Saved entries:
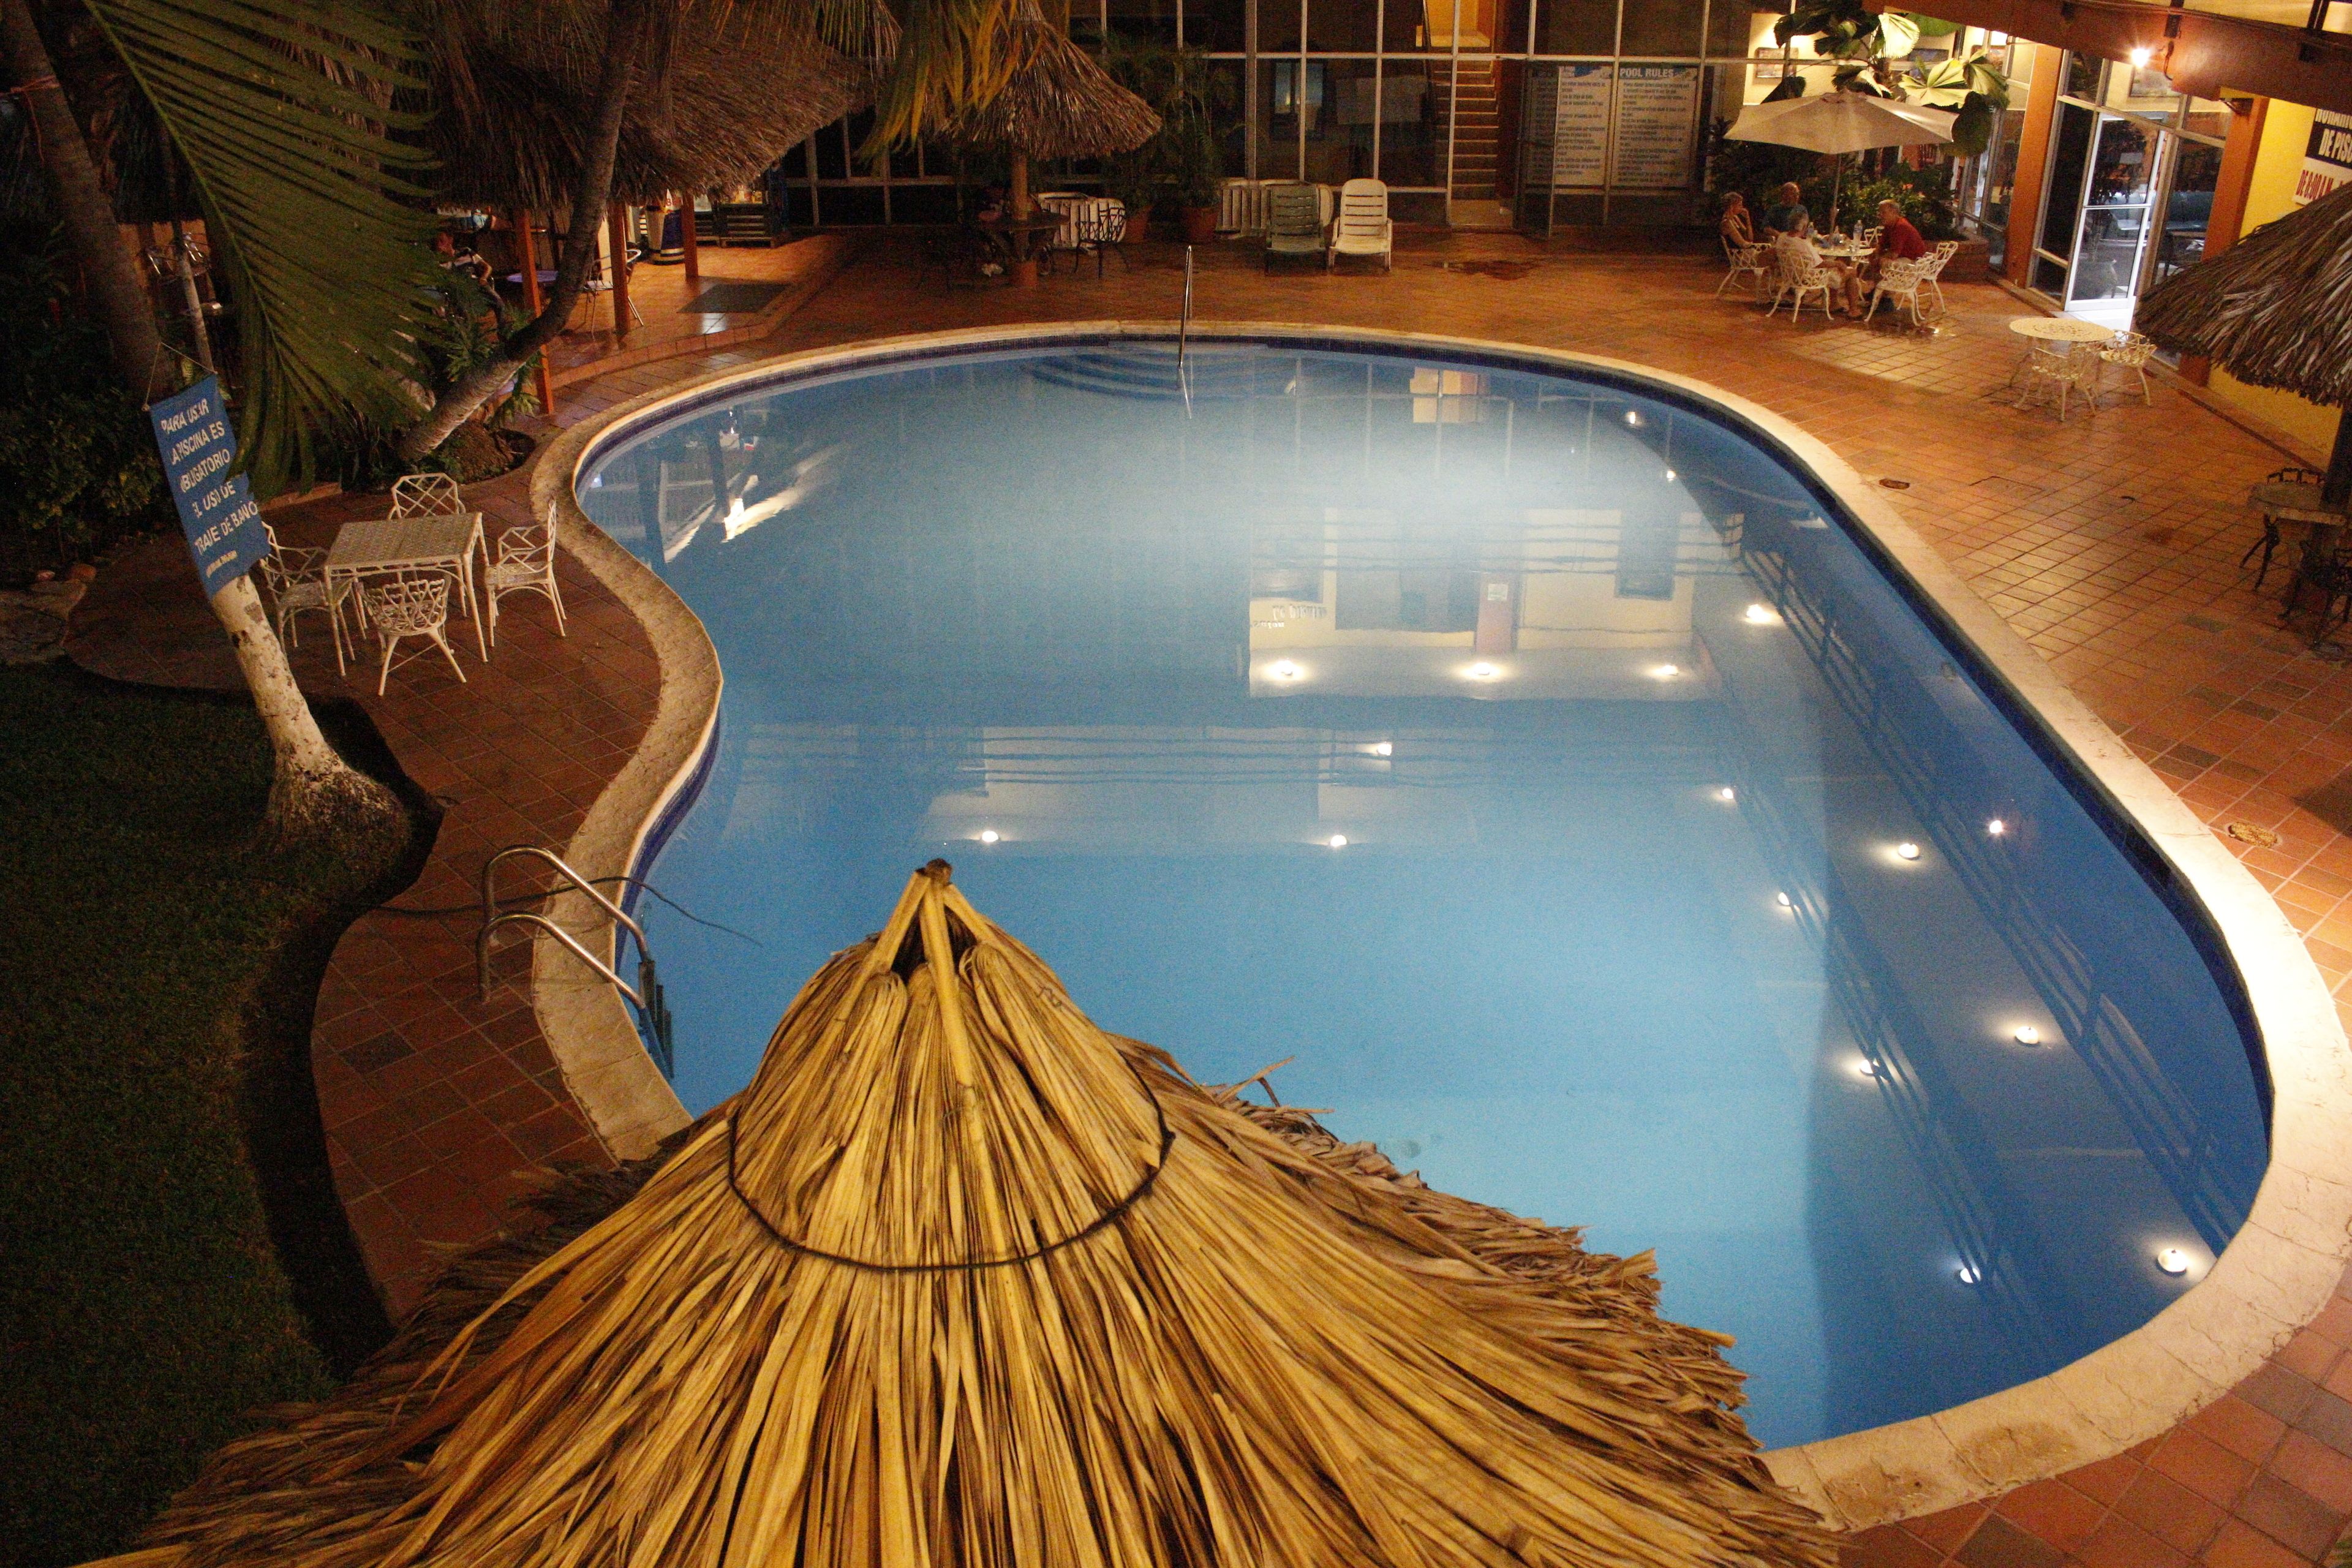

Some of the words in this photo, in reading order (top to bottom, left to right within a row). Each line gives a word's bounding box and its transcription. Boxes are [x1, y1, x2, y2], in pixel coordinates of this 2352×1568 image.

[1619, 68, 1643, 77] POOL
[1645, 68, 1674, 78] RULES
[2318, 128, 2335, 157] DE
[2296, 169, 2309, 196] DE
[160, 412, 187, 434] PARA
[208, 421, 225, 439] ES
[220, 480, 236, 499] DE
[220, 517, 234, 536] DE
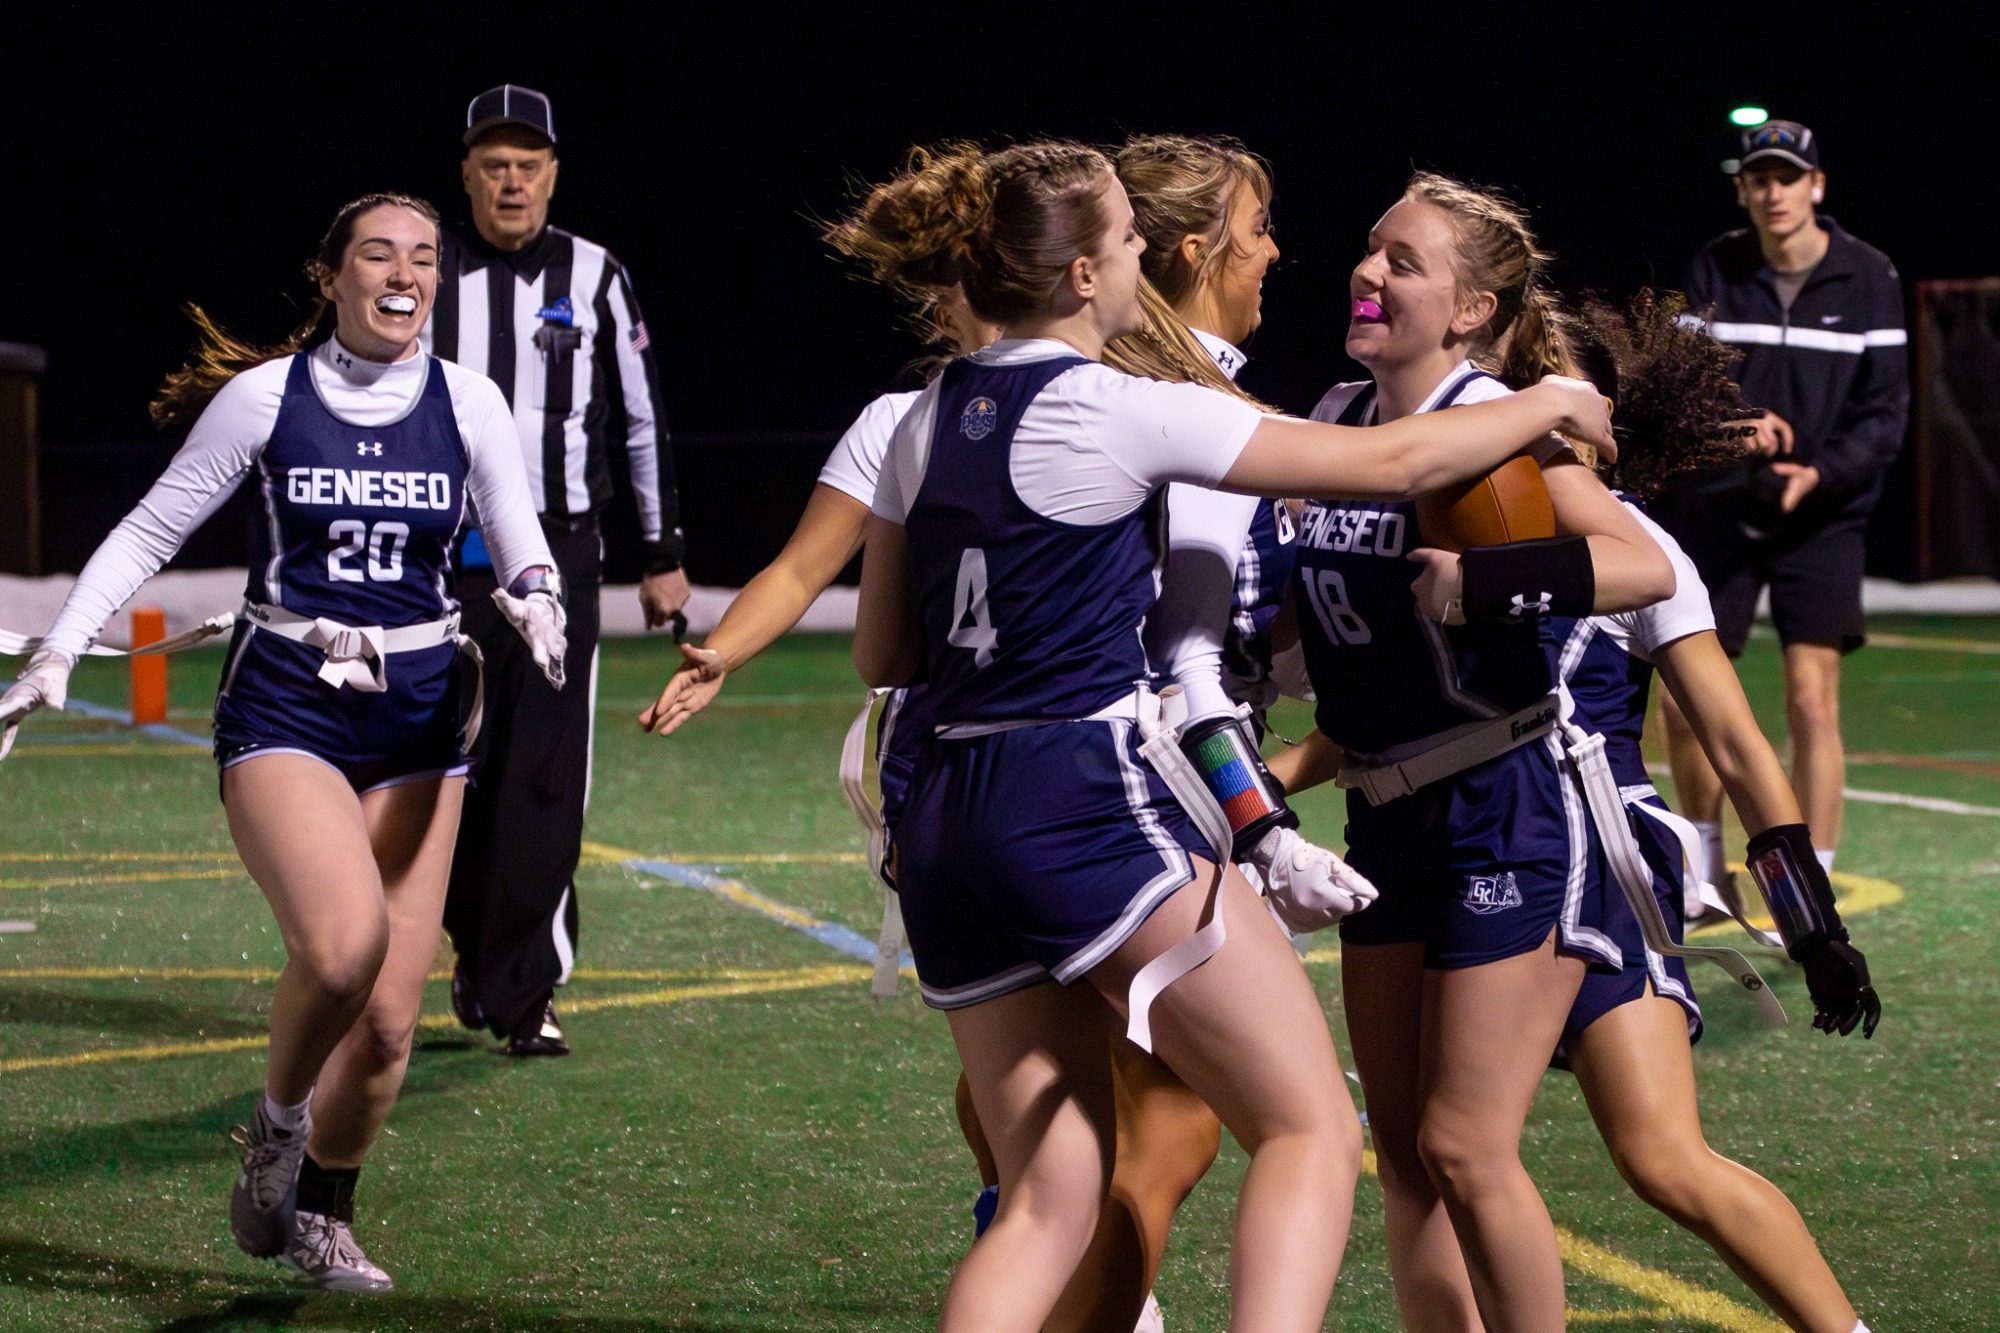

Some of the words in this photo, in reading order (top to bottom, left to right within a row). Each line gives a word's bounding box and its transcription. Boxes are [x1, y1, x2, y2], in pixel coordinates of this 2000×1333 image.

[287, 467, 451, 511] GENESEO
[327, 519, 410, 582] 20
[947, 547, 999, 670] 4
[1301, 566, 1372, 645] 18

▶ **Exercise**
Transcribe all of the records above character for character. Exclude the pictures.

▶ **Output of the task**
Some of the words in this photo, in reading order (top to bottom, left to right within a row). Each line gives a word's bounding box and its transcription. Boxes are [x1, y1, x2, y2], in pixel coordinates of this 2352×1568 image.

[1619, 68, 1643, 77] POOL
[1645, 68, 1674, 78] RULES
[2318, 128, 2335, 157] DE
[2296, 169, 2309, 196] DE
[160, 412, 187, 434] PARA
[208, 421, 225, 439] ES
[220, 480, 236, 499] DE
[220, 517, 234, 536] DE

Some of the words in this photo, in reading order (top to bottom, left to right within a row). Each line gives a word's bounding box and its transcription. Boxes are [x1, y1, x2, y2], in pixel coordinates of this 2000×1333 image.

[287, 467, 451, 511] GENESEO
[327, 519, 410, 582] 20
[947, 547, 999, 670] 4
[1301, 566, 1372, 645] 18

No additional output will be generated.